Kommende Woche ist Hilfeplangespräch in Sohnis Schule und Tochter geht mit den anderen Vorschulkindern auf Ausflug. Dann ist noch das gemeinsame [Eltern-]Frühstück in Sohnis Schule, und dazu noch Zahnarzt, aber erst eine Woche später, und die obligatorischen vier Nachmittagstermine.

Heute Nachmittag erfuhr ich dann noch, dass ich mindestens für die nächsten zwei Wochen, höchstwahrscheinlich jedoch bis auf weiteres für die erste Wochenhälfte beim Plunder eingeteilt bin -.-*
Ist ja nicht so, dass ich schon vor vier Wochen geahnt hätte, dass genau das passieren würde. Muss ich eigentlich in solchen Dingen immer Recht behalten?

Erst mal eine Nacht drüber schlafen, morgen sieht alles ganz sicher wieder ganz anders aus. Nicht mehr ganz so chaotisch. Und auch nicht mehr so … naja, so shice halt.

Zum Schluss noch was Lustiges:

Ich frisiere Tochter die Haare. Tochters Haare sind blond, die Ansätze naturgemäß etwas dunkler als die Spitzen und so ein bisschen aschig von der Farbe her.

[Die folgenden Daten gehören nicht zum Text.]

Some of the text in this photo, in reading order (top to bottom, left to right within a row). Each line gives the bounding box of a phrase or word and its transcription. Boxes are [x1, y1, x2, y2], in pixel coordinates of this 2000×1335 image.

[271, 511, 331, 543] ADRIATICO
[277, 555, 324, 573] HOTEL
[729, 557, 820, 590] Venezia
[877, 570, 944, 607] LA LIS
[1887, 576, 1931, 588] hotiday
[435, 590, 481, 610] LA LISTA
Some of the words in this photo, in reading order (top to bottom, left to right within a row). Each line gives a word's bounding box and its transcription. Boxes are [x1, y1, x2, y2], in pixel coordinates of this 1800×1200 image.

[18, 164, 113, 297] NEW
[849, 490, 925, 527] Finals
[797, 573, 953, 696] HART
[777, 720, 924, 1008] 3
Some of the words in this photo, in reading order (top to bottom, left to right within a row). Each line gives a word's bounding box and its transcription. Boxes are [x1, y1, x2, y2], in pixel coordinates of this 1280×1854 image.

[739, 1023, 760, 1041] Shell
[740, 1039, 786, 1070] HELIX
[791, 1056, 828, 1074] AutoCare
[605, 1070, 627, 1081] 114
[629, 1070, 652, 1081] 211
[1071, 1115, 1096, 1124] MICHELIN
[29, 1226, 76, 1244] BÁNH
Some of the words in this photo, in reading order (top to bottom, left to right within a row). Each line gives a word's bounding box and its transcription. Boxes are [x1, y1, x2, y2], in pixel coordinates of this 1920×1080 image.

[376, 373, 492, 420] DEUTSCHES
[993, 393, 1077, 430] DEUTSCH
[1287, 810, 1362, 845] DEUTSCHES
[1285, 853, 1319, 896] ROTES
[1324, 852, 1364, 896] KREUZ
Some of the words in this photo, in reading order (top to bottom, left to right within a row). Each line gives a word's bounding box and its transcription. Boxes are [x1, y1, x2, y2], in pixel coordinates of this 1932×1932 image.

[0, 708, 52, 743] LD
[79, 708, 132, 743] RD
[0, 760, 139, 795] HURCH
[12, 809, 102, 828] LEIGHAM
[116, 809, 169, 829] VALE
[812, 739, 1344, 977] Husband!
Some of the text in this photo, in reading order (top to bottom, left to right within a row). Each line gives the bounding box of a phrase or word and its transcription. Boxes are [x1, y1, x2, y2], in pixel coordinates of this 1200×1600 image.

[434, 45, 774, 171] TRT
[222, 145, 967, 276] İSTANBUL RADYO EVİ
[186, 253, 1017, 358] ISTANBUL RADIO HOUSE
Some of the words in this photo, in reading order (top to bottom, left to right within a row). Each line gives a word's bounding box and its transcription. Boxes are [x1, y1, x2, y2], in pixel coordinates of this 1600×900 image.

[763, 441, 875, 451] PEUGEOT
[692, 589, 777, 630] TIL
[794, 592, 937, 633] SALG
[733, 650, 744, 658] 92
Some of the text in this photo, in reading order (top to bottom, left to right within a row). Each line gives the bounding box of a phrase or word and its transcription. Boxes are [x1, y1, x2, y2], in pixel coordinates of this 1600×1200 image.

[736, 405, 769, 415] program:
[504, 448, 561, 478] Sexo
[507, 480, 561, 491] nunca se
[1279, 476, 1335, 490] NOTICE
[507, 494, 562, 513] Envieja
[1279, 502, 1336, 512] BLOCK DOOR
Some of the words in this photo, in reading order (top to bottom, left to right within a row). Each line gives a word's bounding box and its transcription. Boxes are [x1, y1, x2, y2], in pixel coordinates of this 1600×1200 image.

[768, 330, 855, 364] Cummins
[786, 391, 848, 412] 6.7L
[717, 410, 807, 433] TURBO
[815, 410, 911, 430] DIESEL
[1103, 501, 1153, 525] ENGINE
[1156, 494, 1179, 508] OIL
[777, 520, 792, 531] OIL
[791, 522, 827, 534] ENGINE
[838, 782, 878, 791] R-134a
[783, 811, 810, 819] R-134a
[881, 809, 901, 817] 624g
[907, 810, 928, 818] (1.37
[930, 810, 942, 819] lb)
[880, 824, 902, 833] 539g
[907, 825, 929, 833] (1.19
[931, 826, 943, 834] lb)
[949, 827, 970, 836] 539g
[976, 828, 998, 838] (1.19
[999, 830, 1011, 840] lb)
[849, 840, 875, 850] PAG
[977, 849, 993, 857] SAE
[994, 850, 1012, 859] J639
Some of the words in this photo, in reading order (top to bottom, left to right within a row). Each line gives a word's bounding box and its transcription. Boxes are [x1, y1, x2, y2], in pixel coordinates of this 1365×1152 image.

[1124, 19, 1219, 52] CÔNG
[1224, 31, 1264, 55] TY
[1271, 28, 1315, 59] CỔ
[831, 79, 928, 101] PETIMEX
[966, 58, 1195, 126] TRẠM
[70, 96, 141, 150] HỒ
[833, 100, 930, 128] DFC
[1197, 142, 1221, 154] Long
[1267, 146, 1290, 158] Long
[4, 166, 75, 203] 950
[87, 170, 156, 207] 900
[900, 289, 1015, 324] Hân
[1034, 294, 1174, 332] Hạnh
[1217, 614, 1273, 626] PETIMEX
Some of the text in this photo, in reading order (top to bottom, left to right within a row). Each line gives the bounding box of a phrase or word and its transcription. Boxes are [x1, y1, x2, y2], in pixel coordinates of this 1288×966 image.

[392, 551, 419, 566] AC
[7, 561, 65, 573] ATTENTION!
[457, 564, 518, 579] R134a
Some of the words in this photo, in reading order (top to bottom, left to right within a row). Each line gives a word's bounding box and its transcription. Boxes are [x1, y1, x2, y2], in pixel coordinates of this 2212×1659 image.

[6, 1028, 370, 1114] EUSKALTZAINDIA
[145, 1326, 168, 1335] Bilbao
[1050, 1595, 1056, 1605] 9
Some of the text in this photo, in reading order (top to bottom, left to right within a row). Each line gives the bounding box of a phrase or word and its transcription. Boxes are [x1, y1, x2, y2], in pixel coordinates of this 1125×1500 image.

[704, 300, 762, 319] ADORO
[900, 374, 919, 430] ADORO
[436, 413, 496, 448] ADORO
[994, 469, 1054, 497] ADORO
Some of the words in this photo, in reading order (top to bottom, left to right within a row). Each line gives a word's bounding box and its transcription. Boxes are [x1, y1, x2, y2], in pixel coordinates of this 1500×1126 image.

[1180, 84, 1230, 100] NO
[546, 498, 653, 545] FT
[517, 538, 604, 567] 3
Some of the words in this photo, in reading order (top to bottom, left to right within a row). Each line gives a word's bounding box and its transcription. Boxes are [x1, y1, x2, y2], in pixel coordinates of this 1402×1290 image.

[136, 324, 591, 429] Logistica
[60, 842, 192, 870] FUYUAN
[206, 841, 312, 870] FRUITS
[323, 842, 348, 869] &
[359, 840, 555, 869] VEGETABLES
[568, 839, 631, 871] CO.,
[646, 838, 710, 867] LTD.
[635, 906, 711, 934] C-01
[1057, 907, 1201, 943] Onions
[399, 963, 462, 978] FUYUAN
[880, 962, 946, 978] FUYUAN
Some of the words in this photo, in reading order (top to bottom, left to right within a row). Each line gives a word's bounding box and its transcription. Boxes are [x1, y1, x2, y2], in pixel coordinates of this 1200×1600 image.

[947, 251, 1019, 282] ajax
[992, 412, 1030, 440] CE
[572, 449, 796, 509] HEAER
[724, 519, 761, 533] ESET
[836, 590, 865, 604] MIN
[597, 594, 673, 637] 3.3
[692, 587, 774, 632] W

Wie ich also an ihren Haaren herumwerkel, finde ich plötzlich ein dunkles, sehr dickes Haar. Also sage ich wild kichernd zu ihr: „Ich hab ein dunkles Haar gefunden!“ Sie daraufhin: „Wo?“ Woraufhin ich das dunkle Haar suche und kurzerhand herausrupfe. Natürlich kann sie den Unterschied nicht ohne eines ihrer hellen Haare erkennen, und rupft sich ihrerseits ein blondes Haar raus. Lege die beiden Haare nebeneinander hin und lasse sie das ganze begutachten, während sie rätselt, wie das dunkle Haar wohl auf ihren Kopf gekommen sein mag.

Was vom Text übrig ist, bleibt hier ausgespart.